Write the lines below out exactly, dropping each picture.

————

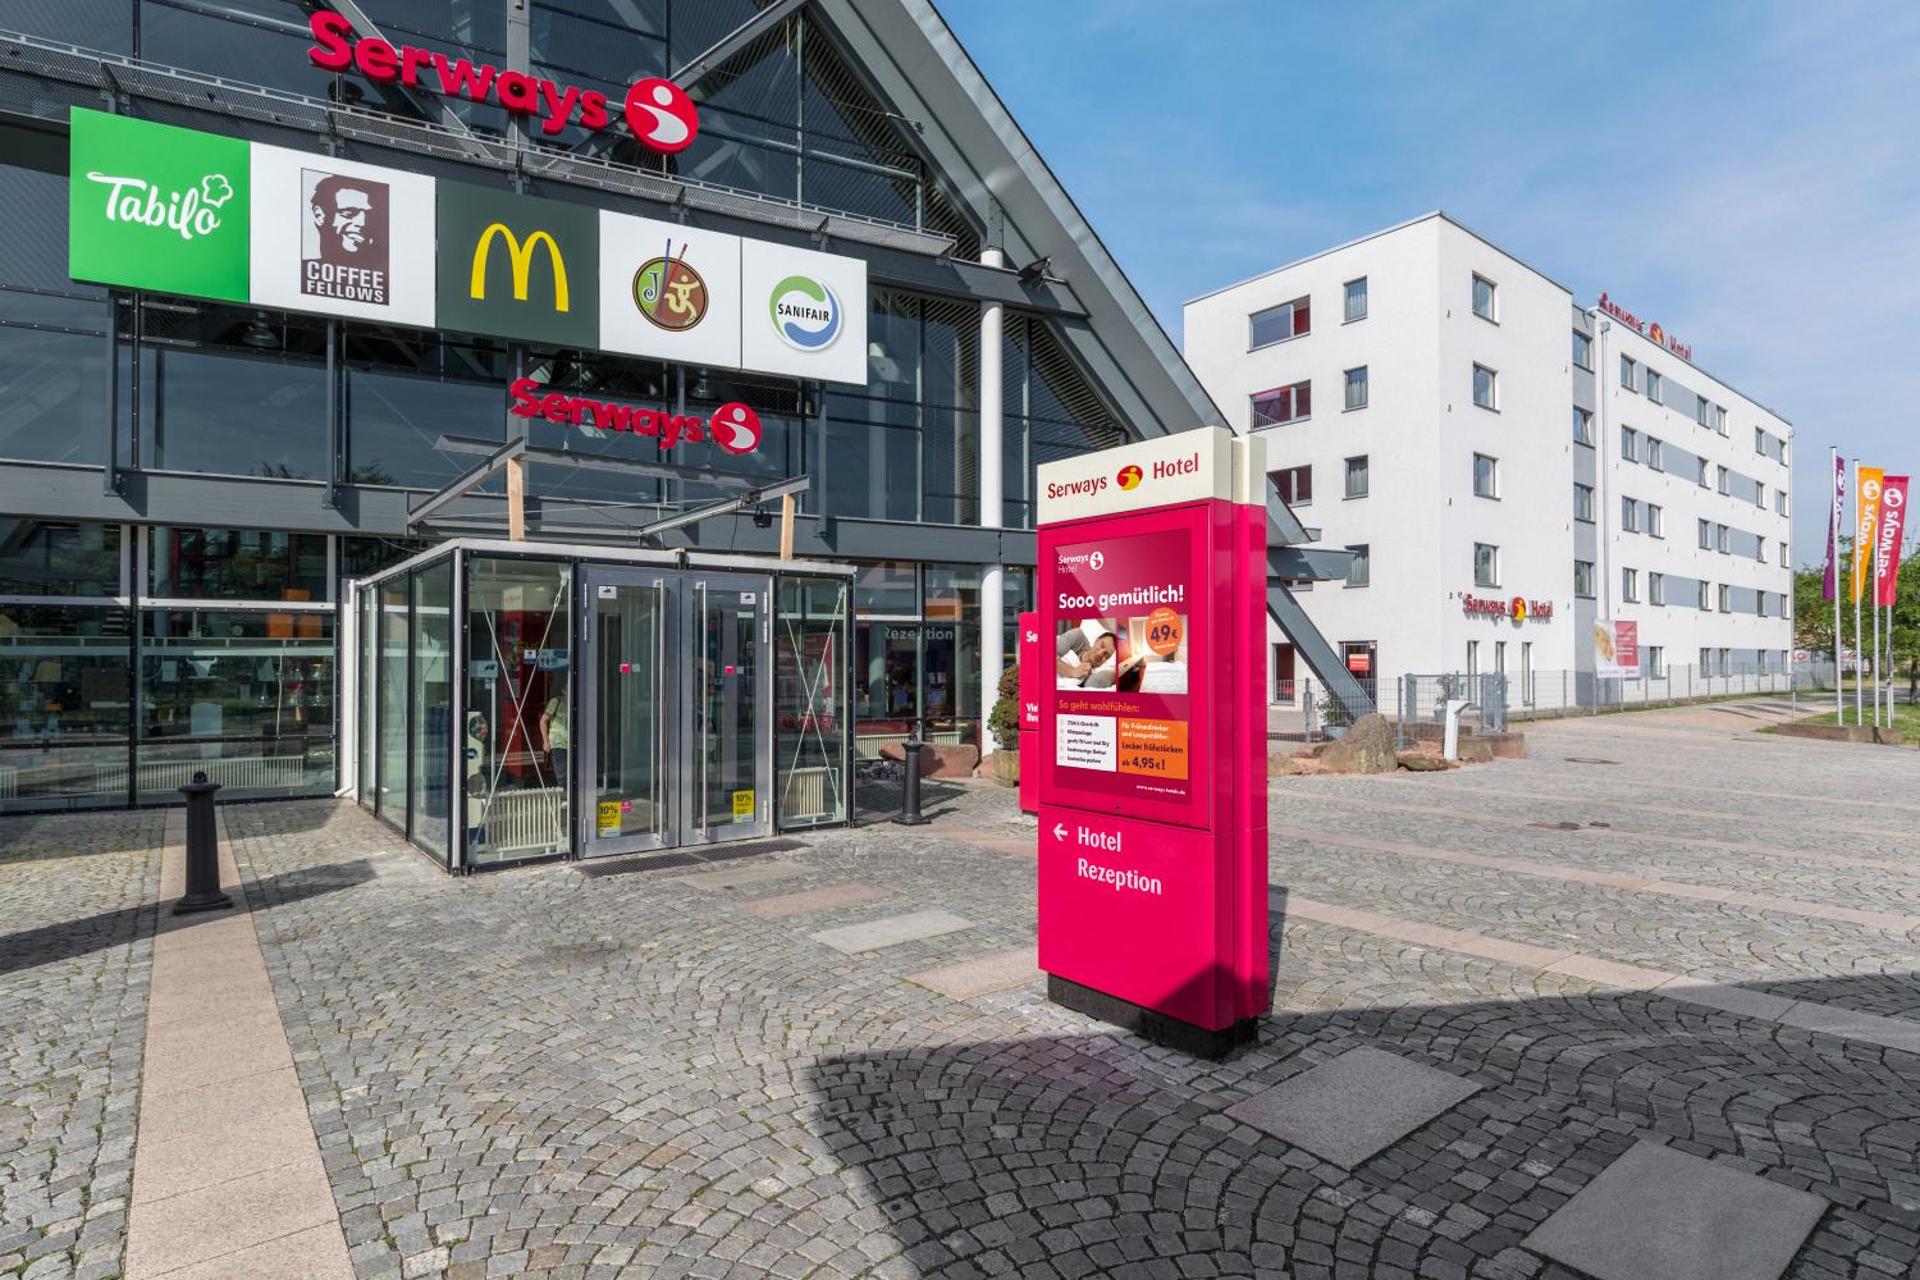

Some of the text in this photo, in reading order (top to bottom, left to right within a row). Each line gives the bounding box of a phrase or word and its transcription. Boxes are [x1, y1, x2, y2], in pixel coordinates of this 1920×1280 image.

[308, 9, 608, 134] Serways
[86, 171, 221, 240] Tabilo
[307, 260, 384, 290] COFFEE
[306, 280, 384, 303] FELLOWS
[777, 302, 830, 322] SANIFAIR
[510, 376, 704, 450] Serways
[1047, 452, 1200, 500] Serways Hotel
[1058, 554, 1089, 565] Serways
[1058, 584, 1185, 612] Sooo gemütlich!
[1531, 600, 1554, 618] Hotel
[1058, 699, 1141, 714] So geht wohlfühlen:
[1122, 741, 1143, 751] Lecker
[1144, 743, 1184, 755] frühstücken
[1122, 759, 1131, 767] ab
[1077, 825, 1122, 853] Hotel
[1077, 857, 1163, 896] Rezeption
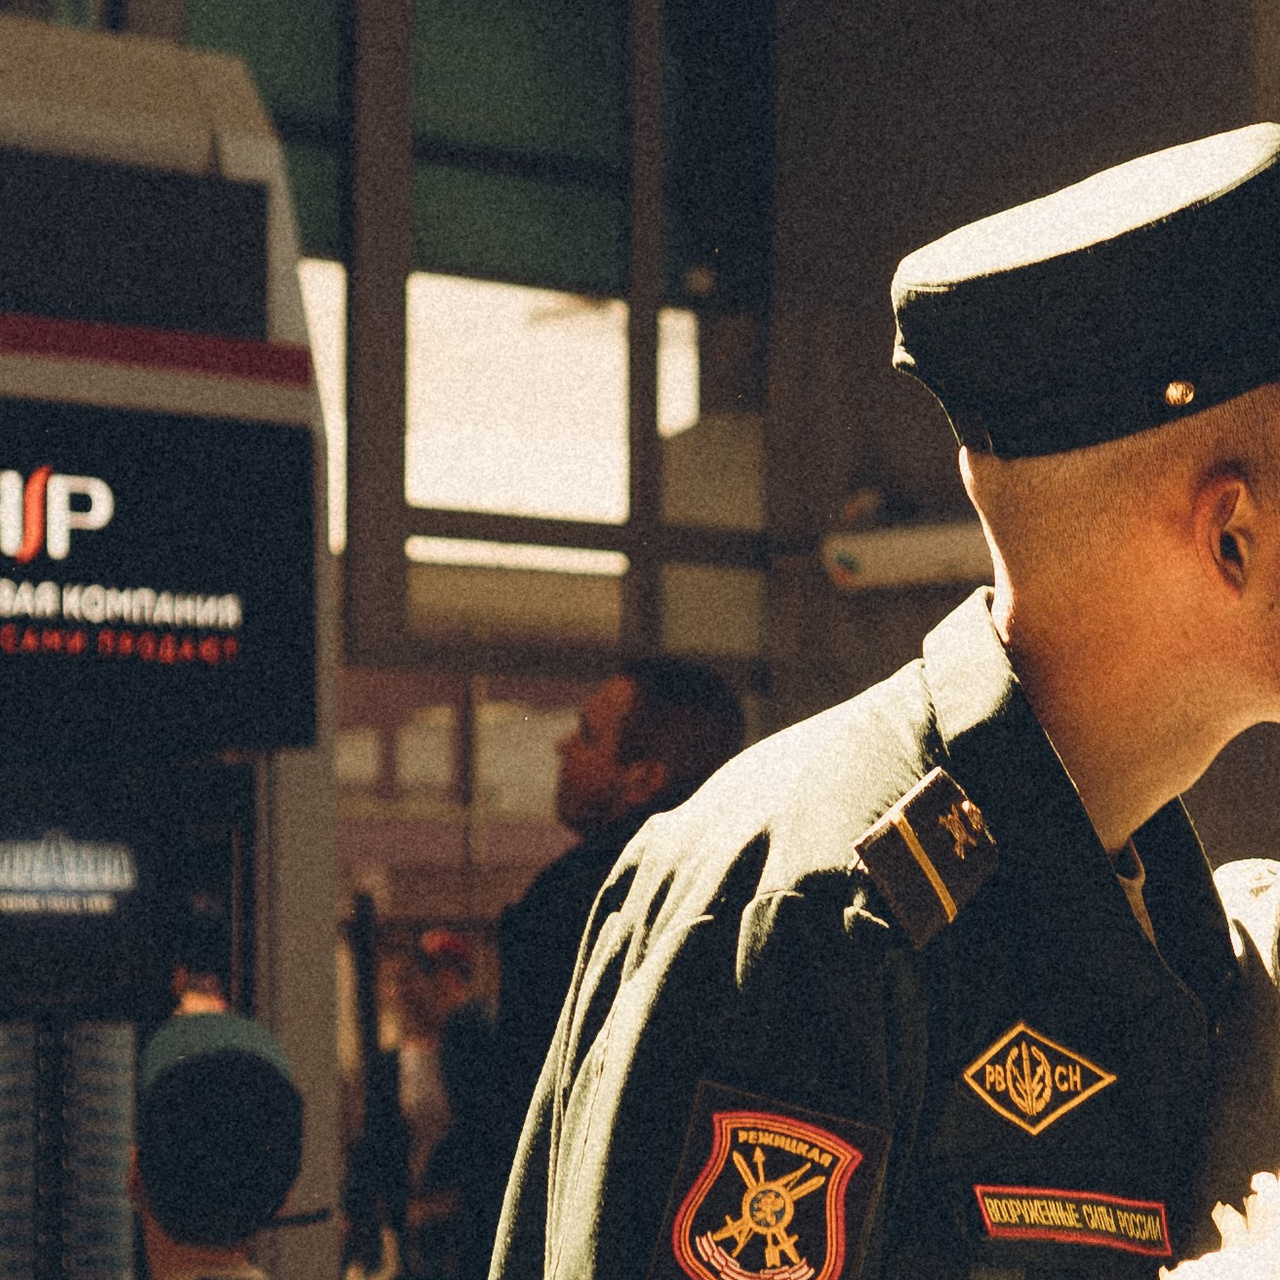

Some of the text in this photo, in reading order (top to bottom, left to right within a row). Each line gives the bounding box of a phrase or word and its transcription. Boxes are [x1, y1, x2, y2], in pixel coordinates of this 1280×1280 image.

————

TASK RESPONSE
Some of the text in this photo, in reading order (top to bottom, left to right within a row). Each line gives the bounding box of a phrase or word and its transcription. Boxes are [x1, y1, x2, y2], in pixel coordinates of this 1920×1280 image.

[308, 9, 608, 134] Serways
[86, 171, 221, 240] Tabilo
[307, 260, 384, 290] COFFEE
[306, 280, 384, 303] FELLOWS
[777, 302, 830, 322] SANIFAIR
[510, 376, 704, 450] Serways
[1047, 452, 1200, 500] Serways Hotel
[1058, 554, 1089, 565] Serways
[1058, 584, 1185, 612] Sooo gemütlich!
[1531, 600, 1554, 618] Hotel
[1058, 699, 1141, 714] So geht wohlfühlen:
[1122, 741, 1143, 751] Lecker
[1144, 743, 1184, 755] frühstücken
[1122, 759, 1131, 767] ab
[1077, 825, 1122, 853] Hotel
[1077, 857, 1163, 896] Rezeption

Some of the text in this photo, in reading order (top to bottom, left to right within a row). Each line gives the bounding box of a phrase or word and its transcription. Boxes are [x1, y1, x2, y2], in pixel coordinates of this 1280×1280 image.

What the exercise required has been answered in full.